近年、石油や石炭などの化石燃料の代わりに水素の利用が進められている。水素は燃焼してもCO2を発生せず、さまざまなエネルギー資源から製造可能。熱や電気として利用できるためエネルギー効率が高いことが特徴である。
今回、この水素に注目したのが、航空機製造世界大手の仏エアバスだ。同社は、2020年9月に水素を燃料とする世界初のゼロエミッション民間航空機「ZEROe」の3つのコンセプトを発表。2035年までの就航を目指すことを明らかにした。
航空業界のCO2排出量は全世界の約3%、人為排出量全体では2%を占めており、2050年には3%に達すると予測されている(※1)。

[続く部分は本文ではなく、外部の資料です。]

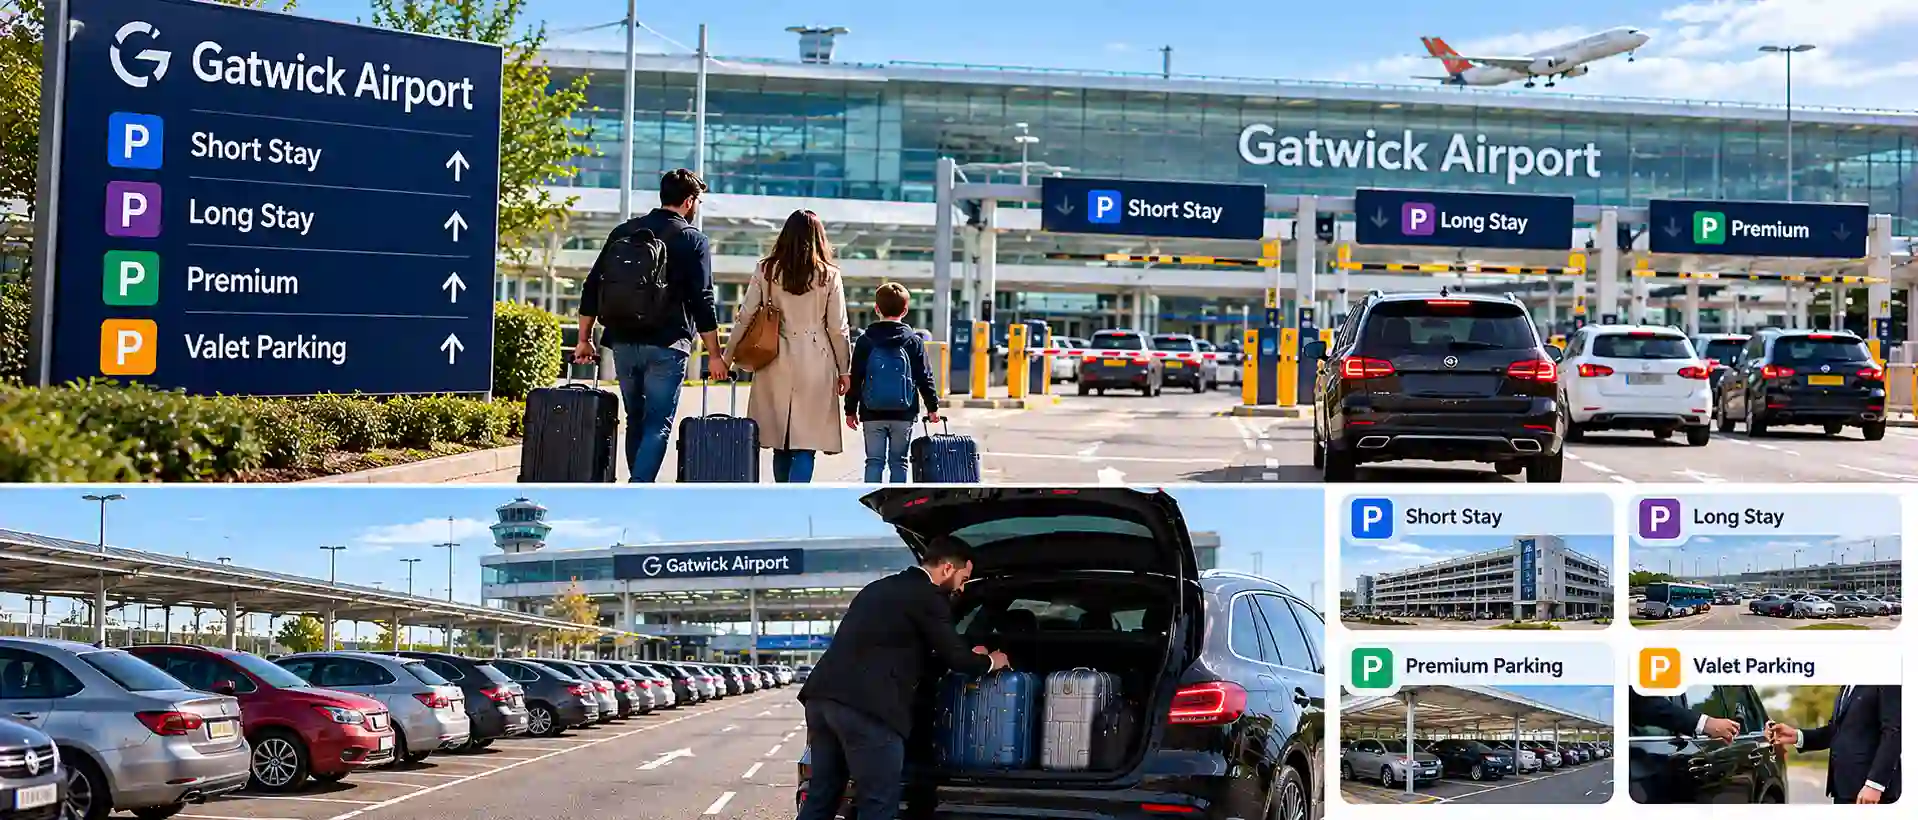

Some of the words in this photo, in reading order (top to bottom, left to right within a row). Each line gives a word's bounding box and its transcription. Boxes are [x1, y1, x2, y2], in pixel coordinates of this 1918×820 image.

[193, 41, 345, 96] Gatwick
[355, 62, 473, 112] Airport
[125, 124, 149, 158] P
[191, 132, 261, 161] Short
[269, 139, 321, 171] Stay
[1239, 124, 1429, 171] Gatwick
[1440, 133, 1601, 184] Airport
[122, 192, 147, 227] P
[190, 199, 252, 232] Long
[261, 203, 314, 235] Stay
[1097, 197, 1113, 218] P
[1128, 199, 1179, 218] Short
[1183, 202, 1222, 223] Stay
[1411, 209, 1427, 229] P
[1442, 212, 1484, 233] Long
[1489, 213, 1528, 234] Stay
[1703, 217, 1717, 238] P
[1732, 220, 1809, 237] Premium
[120, 261, 145, 296] P
[188, 266, 297, 293] Premium
[117, 330, 142, 365] P
[184, 334, 250, 359] Valet
[258, 335, 346, 364] Parking
[666, 556, 728, 573] Gatwick
[732, 555, 789, 574] Airport

脱炭素化を目指して電気飛行機やハイブリッド電気飛行機の開発が各企業で行われている中、今回エアバスが注目したのは水素だった。
同社は、水素がクリーンな航空燃料として期待できるものであり、航空宇宙や他の多くの産業がカーボンニュートラルを達成するための解決法になると考えている。水素を燃料とする世界初のゼロエミッション民間航空機の3つのコンセプトは、以下のとおりだ。
ターボファン設計:乗客数は120〜200人。航続距離は2,000海里(約3,700キロメートル)以上で、大陸横断に使用できる。ジェット燃料ではなく、水素で稼働する改良型ガスタービンエンジンを動力源とするジェット機タイプ。液体水素は、後部圧力隔壁の後ろにあるタンクに貯蔵されて分配される。
ターボプロップ設計:乗客数は最大100人。航続距離は1,000海里(約1,850キロメートル)以上で、短距離路線向き。ターボファンの代わりにターボプロップエンジンを使用し、改良型ガスタービンエンジンの水素燃焼を動力源とするプロペラ機タイプ。
ブレンデッドウィングボディデザイン:乗客数は最大200人。航続距離は2,000海里(約3,700キロメートル)以上で、大陸横断に使用できる。翼が航空機の胴体と融合する印象的なデザインで、広い胴体が水素の貯蔵と分配、およびキャビンのレイアウトに選択肢を多く提供する。
「航空業界の未来をサステナブルにするために、再生可能エネルギーと水素利用を拡大しなくてはなりません。この課題に取り組むためには、空港の通常業務に必要な水素輸送と給油インフラストラクチャが必要です。そして、航空会社が環境に優しくない古い航空機を早く引退させられるようにするには、研究や技術、デジタル化やサステナブルな燃料使用を促進する仕組みへの資金提供を増やすための政府による支援が必要となります。」と同社はプレスリリースの中で述べている。
航空機産業全体の脱炭素化を先導するという目標に向けて、ゼロエミッション飛行達成のための技術や方法を探求するエアバス社。今回の同社のコンセプト発表を皮切りに、航空機の開発における水素利用がどう進んでいくのか、今後の動向に注目だ。
【参照サイト】Airbus reveals new zero-emission concept aircraft
(※画像:エアバスより引用)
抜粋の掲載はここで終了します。